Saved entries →
+ + + + + + +
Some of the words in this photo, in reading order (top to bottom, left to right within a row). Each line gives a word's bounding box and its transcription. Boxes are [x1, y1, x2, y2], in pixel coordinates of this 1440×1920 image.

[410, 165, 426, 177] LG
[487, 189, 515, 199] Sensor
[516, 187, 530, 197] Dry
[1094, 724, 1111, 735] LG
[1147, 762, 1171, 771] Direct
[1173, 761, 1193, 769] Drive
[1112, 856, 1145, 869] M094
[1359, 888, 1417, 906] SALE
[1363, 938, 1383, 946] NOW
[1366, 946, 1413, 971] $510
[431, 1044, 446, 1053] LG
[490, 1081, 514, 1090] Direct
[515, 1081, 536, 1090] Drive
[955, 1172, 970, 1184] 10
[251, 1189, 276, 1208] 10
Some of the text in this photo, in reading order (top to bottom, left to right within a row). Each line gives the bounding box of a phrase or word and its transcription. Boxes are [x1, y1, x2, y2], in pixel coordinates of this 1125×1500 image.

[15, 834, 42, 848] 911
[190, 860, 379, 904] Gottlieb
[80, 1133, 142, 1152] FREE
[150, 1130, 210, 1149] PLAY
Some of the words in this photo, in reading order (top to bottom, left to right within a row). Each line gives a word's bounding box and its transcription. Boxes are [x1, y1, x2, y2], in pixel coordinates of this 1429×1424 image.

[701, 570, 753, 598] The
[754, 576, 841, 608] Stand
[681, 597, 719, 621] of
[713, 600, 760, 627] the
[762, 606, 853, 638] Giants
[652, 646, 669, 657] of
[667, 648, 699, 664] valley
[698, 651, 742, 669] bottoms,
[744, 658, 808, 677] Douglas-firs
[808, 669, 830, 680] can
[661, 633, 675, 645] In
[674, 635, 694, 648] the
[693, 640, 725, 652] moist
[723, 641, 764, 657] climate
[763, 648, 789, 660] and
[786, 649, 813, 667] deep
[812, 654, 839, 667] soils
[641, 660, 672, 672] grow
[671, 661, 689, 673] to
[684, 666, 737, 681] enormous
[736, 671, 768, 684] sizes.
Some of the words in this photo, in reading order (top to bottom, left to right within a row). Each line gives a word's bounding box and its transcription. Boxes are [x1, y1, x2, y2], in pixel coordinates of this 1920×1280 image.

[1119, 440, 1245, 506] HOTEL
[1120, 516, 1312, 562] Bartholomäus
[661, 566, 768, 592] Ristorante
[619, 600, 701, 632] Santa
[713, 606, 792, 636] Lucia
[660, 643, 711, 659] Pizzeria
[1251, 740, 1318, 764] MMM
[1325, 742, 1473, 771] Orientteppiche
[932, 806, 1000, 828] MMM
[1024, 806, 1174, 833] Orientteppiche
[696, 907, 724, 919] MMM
+ + + + + + +
Exactly as written, transcribe each line of the data.

The completed task →
Some of the words in this photo, in reading order (top to bottom, left to right within a row). Each line gives a word's bounding box and its transcription. Boxes are [x1, y1, x2, y2], in pixel coordinates of this 1440×1920 image.

[410, 165, 426, 177] LG
[487, 189, 515, 199] Sensor
[516, 187, 530, 197] Dry
[1094, 724, 1111, 735] LG
[1147, 762, 1171, 771] Direct
[1173, 761, 1193, 769] Drive
[1112, 856, 1145, 869] M094
[1359, 888, 1417, 906] SALE
[1363, 938, 1383, 946] NOW
[1366, 946, 1413, 971] $510
[431, 1044, 446, 1053] LG
[490, 1081, 514, 1090] Direct
[515, 1081, 536, 1090] Drive
[955, 1172, 970, 1184] 10
[251, 1189, 276, 1208] 10
Some of the text in this photo, in reading order (top to bottom, left to right within a row). Each line gives the bounding box of a phrase or word and its transcription. Boxes are [x1, y1, x2, y2], in pixel coordinates of this 1125×1500 image.

[15, 834, 42, 848] 911
[190, 860, 379, 904] Gottlieb
[80, 1133, 142, 1152] FREE
[150, 1130, 210, 1149] PLAY
Some of the words in this photo, in reading order (top to bottom, left to right within a row). Each line gives a word's bounding box and its transcription. Boxes are [x1, y1, x2, y2], in pixel coordinates of this 1429×1424 image.

[701, 570, 753, 598] The
[754, 576, 841, 608] Stand
[681, 597, 719, 621] of
[713, 600, 760, 627] the
[762, 606, 853, 638] Giants
[652, 646, 669, 657] of
[667, 648, 699, 664] valley
[698, 651, 742, 669] bottoms,
[744, 658, 808, 677] Douglas-firs
[808, 669, 830, 680] can
[661, 633, 675, 645] In
[674, 635, 694, 648] the
[693, 640, 725, 652] moist
[723, 641, 764, 657] climate
[763, 648, 789, 660] and
[786, 649, 813, 667] deep
[812, 654, 839, 667] soils
[641, 660, 672, 672] grow
[671, 661, 689, 673] to
[684, 666, 737, 681] enormous
[736, 671, 768, 684] sizes.
Some of the words in this photo, in reading order (top to bottom, left to right within a row). Each line gives a word's bounding box and its transcription. Boxes are [x1, y1, x2, y2], in pixel coordinates of this 1920×1280 image.

[1119, 440, 1245, 506] HOTEL
[1120, 516, 1312, 562] Bartholomäus
[661, 566, 768, 592] Ristorante
[619, 600, 701, 632] Santa
[713, 606, 792, 636] Lucia
[660, 643, 711, 659] Pizzeria
[1251, 740, 1318, 764] MMM
[1325, 742, 1473, 771] Orientteppiche
[932, 806, 1000, 828] MMM
[1024, 806, 1174, 833] Orientteppiche
[696, 907, 724, 919] MMM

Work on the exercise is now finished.